The practice of Silvopasturing is causing quite a buzz these days. It was a fairly new concept to me until a year and a half ago, a concept that brings together forestry management and grazing management into one single system of sustainable woodland grazing. It can diversify income by tapping into products of trees, tree products, forage, and livestock. Trees can be introduced to the pasture or pasture introduced to the trees. Management is the key to reduce the likelihood of soil compaction, debarking of trees, and trampling and browsing of regeneration.

Cows silvopasturing. Photo by Brett Chedzoy.

But in the modern world of invasive plants, high land ownership costs, and other challenges to healthy and sustainable woodlands, it is worth taking another look at livestock grazing as an acceptable and valuable tool for the management of some woodlots. The purposeful and managed grazing of livestock in the woods, known as silvopasturing, differs from woodlot grazing of the past in that the frequency and intensity of the grazing is controlled to achieve the desired objectives. New fencing systems, a better understanding of animal behavior and the evolution of “management intensive grazing” have enabled us to gain the necessary level of control over livestock to achieve positive impacts from woodland grazing.

Silvopasturing isn’t for every woodland owner or every woodlot as it requires a commitment to caring for animals and enclosing portions of the woods with a secure fence to keep your animals in and predators out. Wooded areas on poor growing sites, rough terrain, or with difficult access would obviously have fewer advantages for successful silvopasturing than the converse. But the most important key for success is skilled management of the system. This requires considerable knowledge of both silviculture and grazing. If grazing and silviculture are the “artful application of science”, then combining the two systems in certainly a fine art! But this shouldn’t discourage the novice from exploring the potential of silvopasturing on their property, even though results are likely to improve with increased skill and experience.

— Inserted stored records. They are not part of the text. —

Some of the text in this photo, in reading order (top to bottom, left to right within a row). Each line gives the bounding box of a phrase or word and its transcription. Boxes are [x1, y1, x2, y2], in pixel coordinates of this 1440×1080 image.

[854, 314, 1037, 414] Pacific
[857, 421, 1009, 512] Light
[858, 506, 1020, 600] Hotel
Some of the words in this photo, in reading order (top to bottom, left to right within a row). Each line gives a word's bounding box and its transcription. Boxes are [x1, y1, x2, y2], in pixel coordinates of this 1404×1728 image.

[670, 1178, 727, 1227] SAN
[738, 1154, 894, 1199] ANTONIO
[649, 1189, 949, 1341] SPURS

Cornell Cooperative Extension is looking to assist in providing an educational opportunity to learn more about the art of silvopasturing. The 2-day conference will be November 7 and 8, 2011 at the Watkins Glen Harbor Hotel, 16 North Franklin Street, Watkins Glen, Schuyler County. The goals of the conference are to broaden a collective understanding of silvopasturing and its applications in the Northeastern US across multiple professions and stakeholders, identify opportunities and challenges to its implementation, and develop networks for collaborative research, learning and promotion of silvopasturing activities. It is open to the public, with land use and conservation professionals, foresters, graziers, woodland owners and members of the academic community are especially encouraged to attend.

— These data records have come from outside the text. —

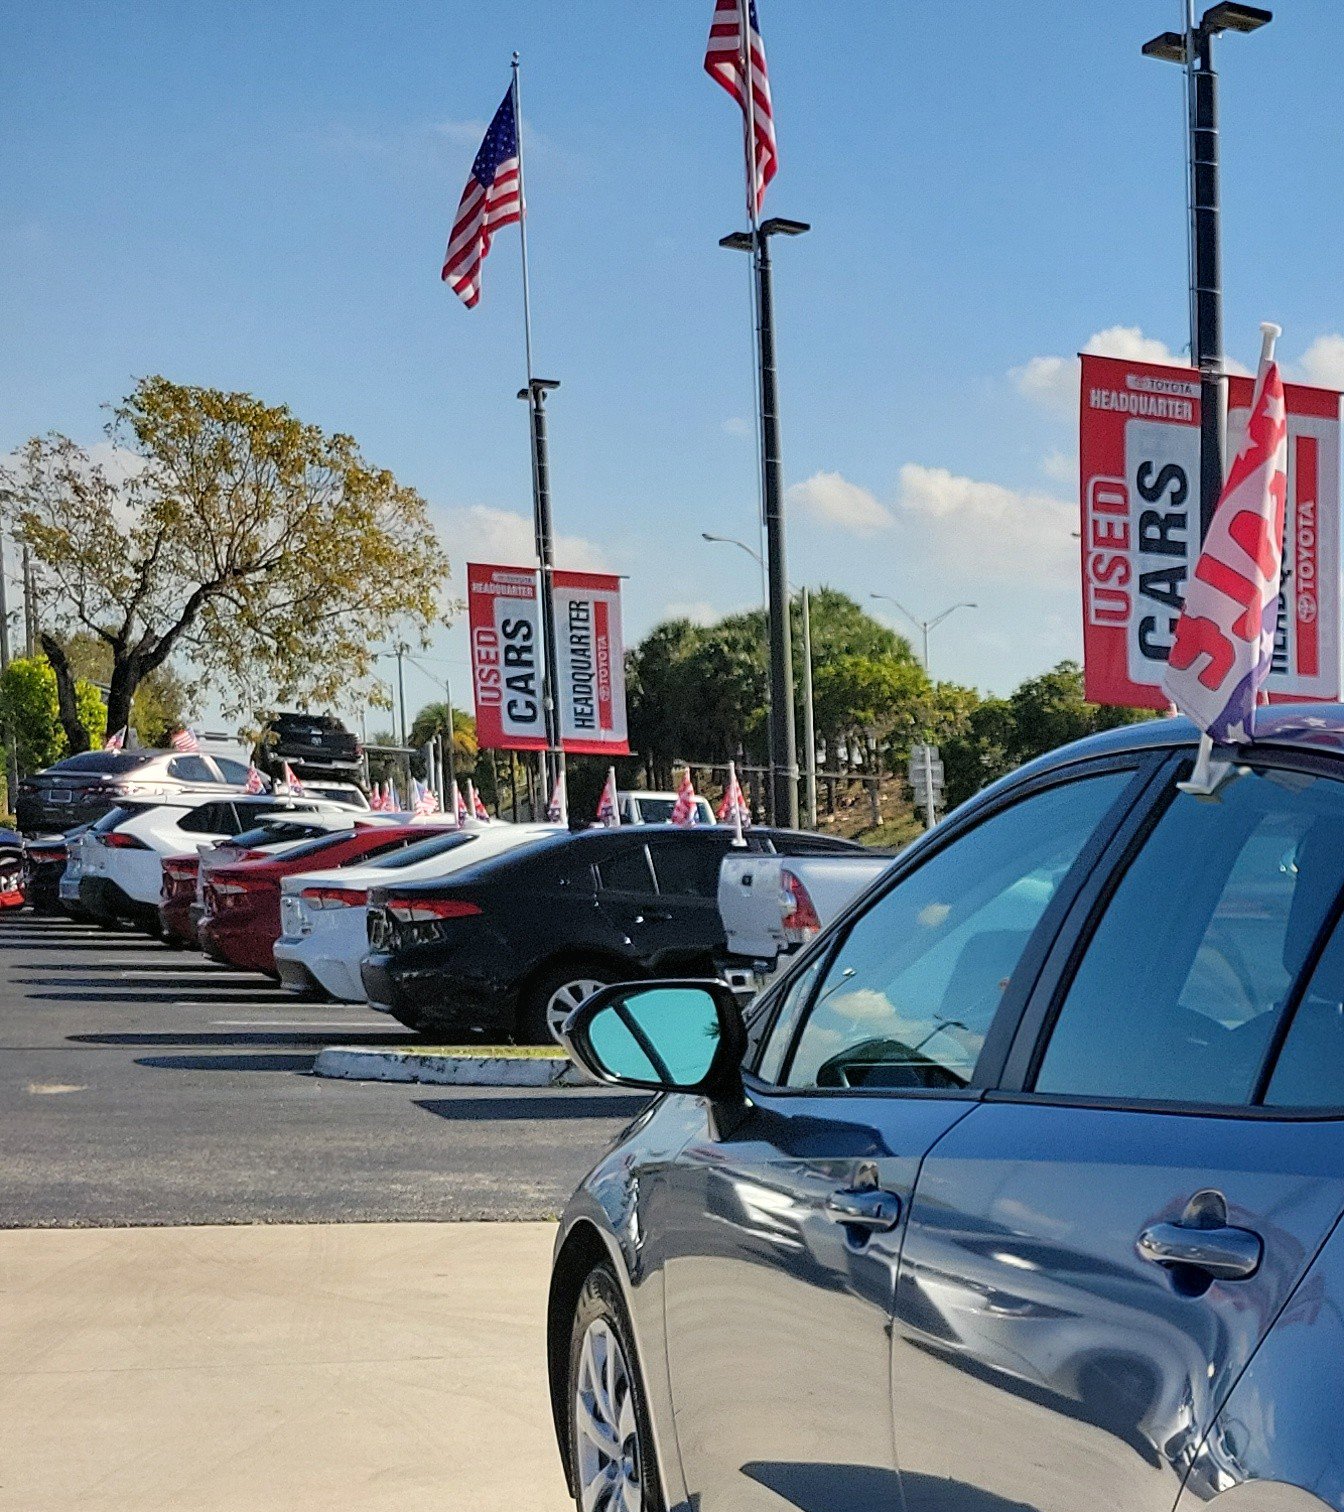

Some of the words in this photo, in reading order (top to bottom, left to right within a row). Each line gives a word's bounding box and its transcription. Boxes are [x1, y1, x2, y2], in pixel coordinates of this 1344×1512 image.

[1090, 388, 1193, 421] HEADQUARTER
[1150, 380, 1193, 394] TOYOTA
[1089, 476, 1132, 627] USED
[1136, 460, 1189, 662] CARS
[1297, 502, 1317, 594] TOYOTA
[476, 628, 502, 705] USED
[502, 619, 537, 724] CARS
[569, 600, 595, 729] HEADQUARTER
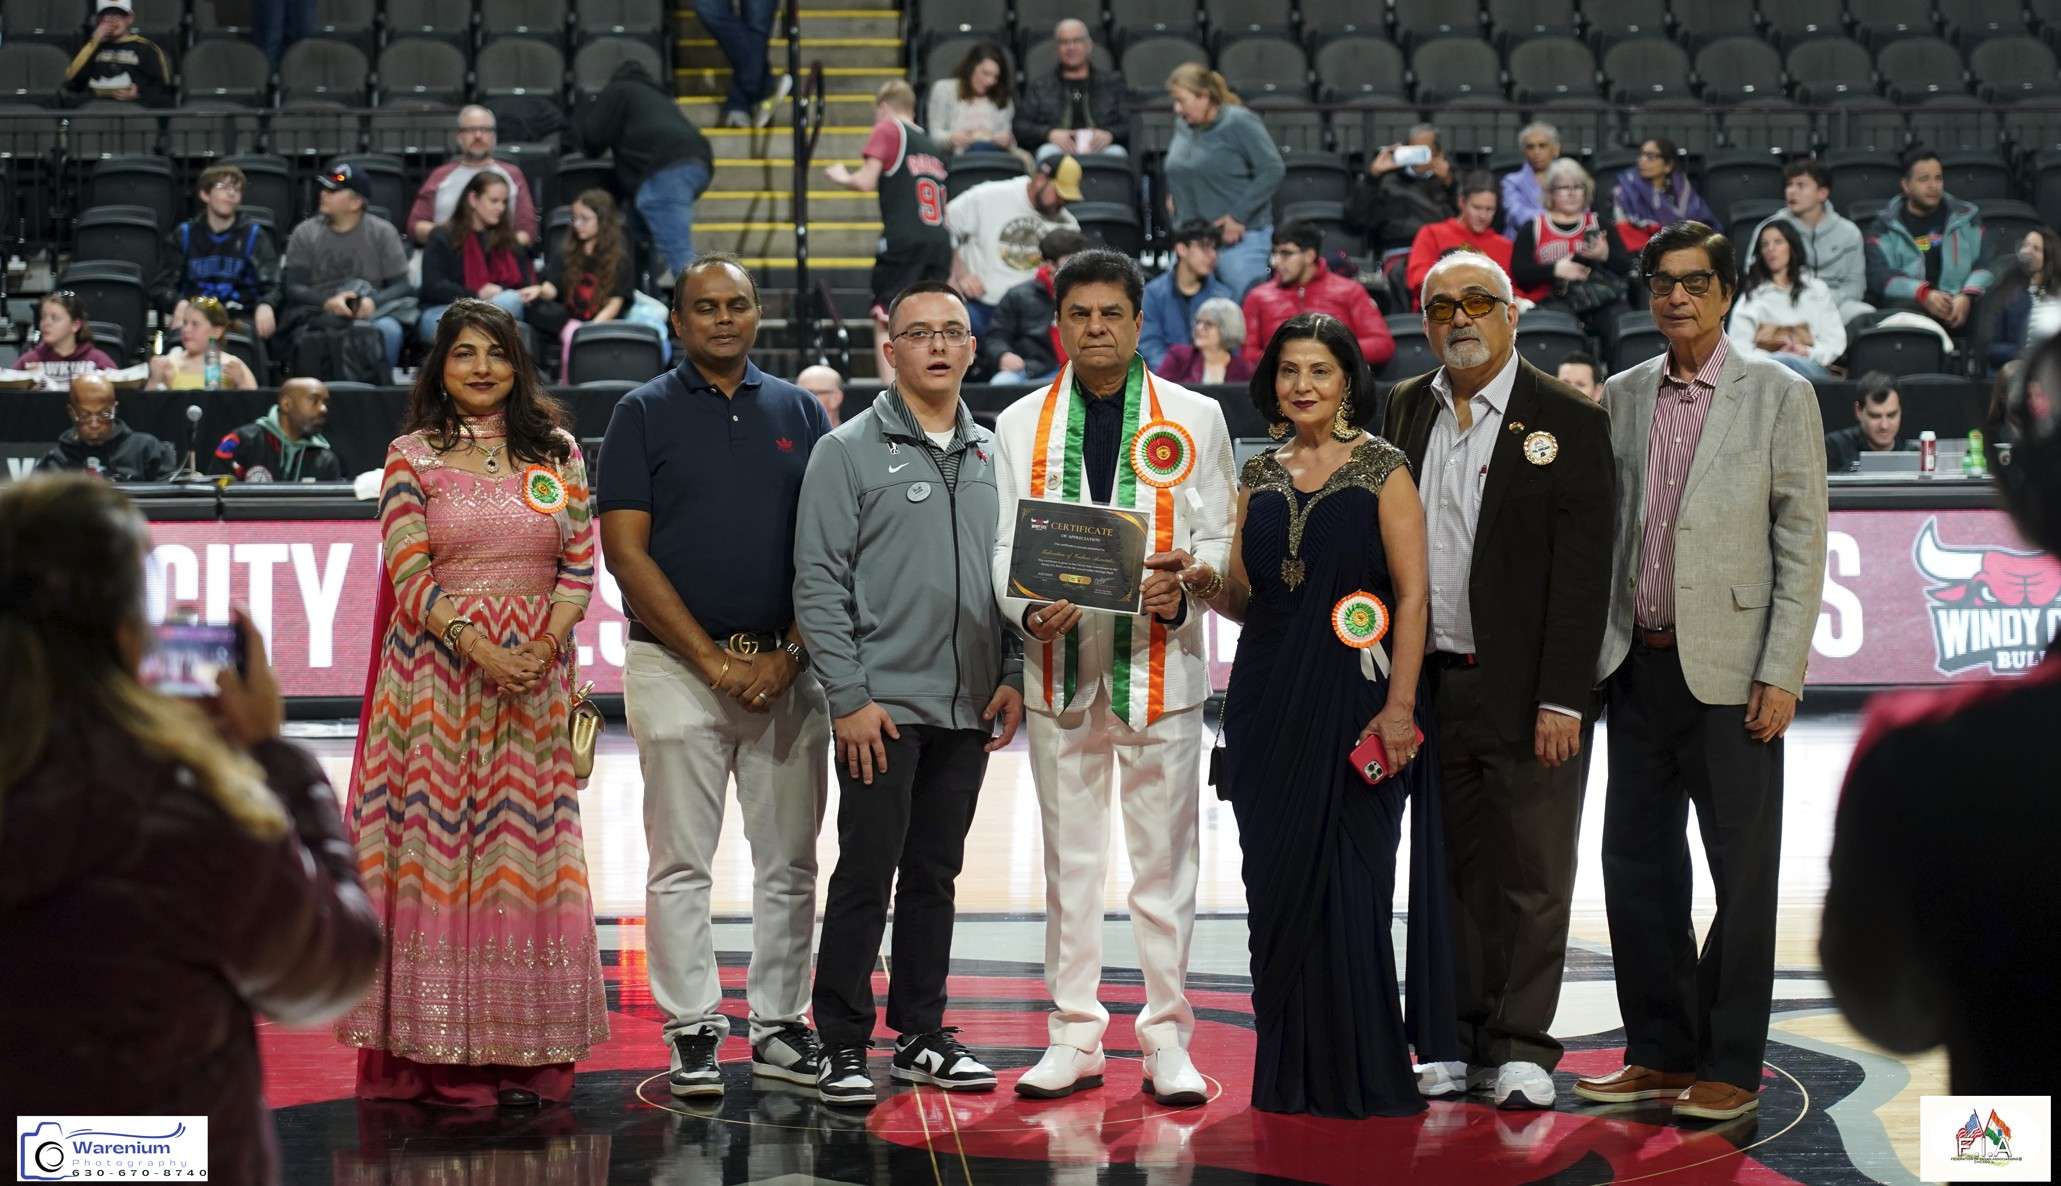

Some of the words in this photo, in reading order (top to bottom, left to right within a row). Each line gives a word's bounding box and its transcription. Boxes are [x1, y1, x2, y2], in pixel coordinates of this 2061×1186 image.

[1051, 522, 1113, 537] CERTIFICATE
[145, 543, 353, 667] CITY
[1936, 608, 2041, 659] WINDY

The multistate list of presenters represents areas of in the East where the practice is in place. Highlights, though not all the speakers include John Hopkins, Consulting Forester from Bloomsburg, PA will discuss restoration and revitalization of an Appalachian farm. Charles Feldrake with USDA Agricultural Research Service’s Appalachian Farming Systems Research Centerin Beaver, West Virginia, will talk about their applied research there. Mike Jacobson with Penn State University will cover great opportunities and challenges in the Northeast. Three of our speakers are coming from University of Missouri Center for Agroforestry. Dusty Walters, Larry Godsey, and Gene Garrett will at length focus on silvopasture design, implementation and impacts. Doug Wallace is the NRCS Lead Agroforester at the USDA National Agroforestry Center in Lincoln, Nebraska will provide an overview of current resources and assistance available for practitioners and researchers. Brett Chedzoy, CCE, is a forester and practitioner of the silvopasturing. He and his wife, Maria, will host the field tour/discussion portion and conclusion of the conference. We will see first-hand their system in place.This is by no means a complete overview of the conference!

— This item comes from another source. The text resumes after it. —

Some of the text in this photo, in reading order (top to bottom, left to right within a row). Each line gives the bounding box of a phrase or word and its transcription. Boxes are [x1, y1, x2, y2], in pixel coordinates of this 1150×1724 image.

Every attempt is being made to keep the cost of the conference as reasonable as possible with support coming from National Agroforestry Center, Upper Susquehanna Coalition, Cornell’s Department of Natural Resources, as well as others in the works. An agenda and registration for the event can be foundonline at http://nesilvopasture.eventbrite.com. A block of rooms are reserved at the hotel; contact them on the web at www.watkinsglenharborhotel.com or 607-535-6116.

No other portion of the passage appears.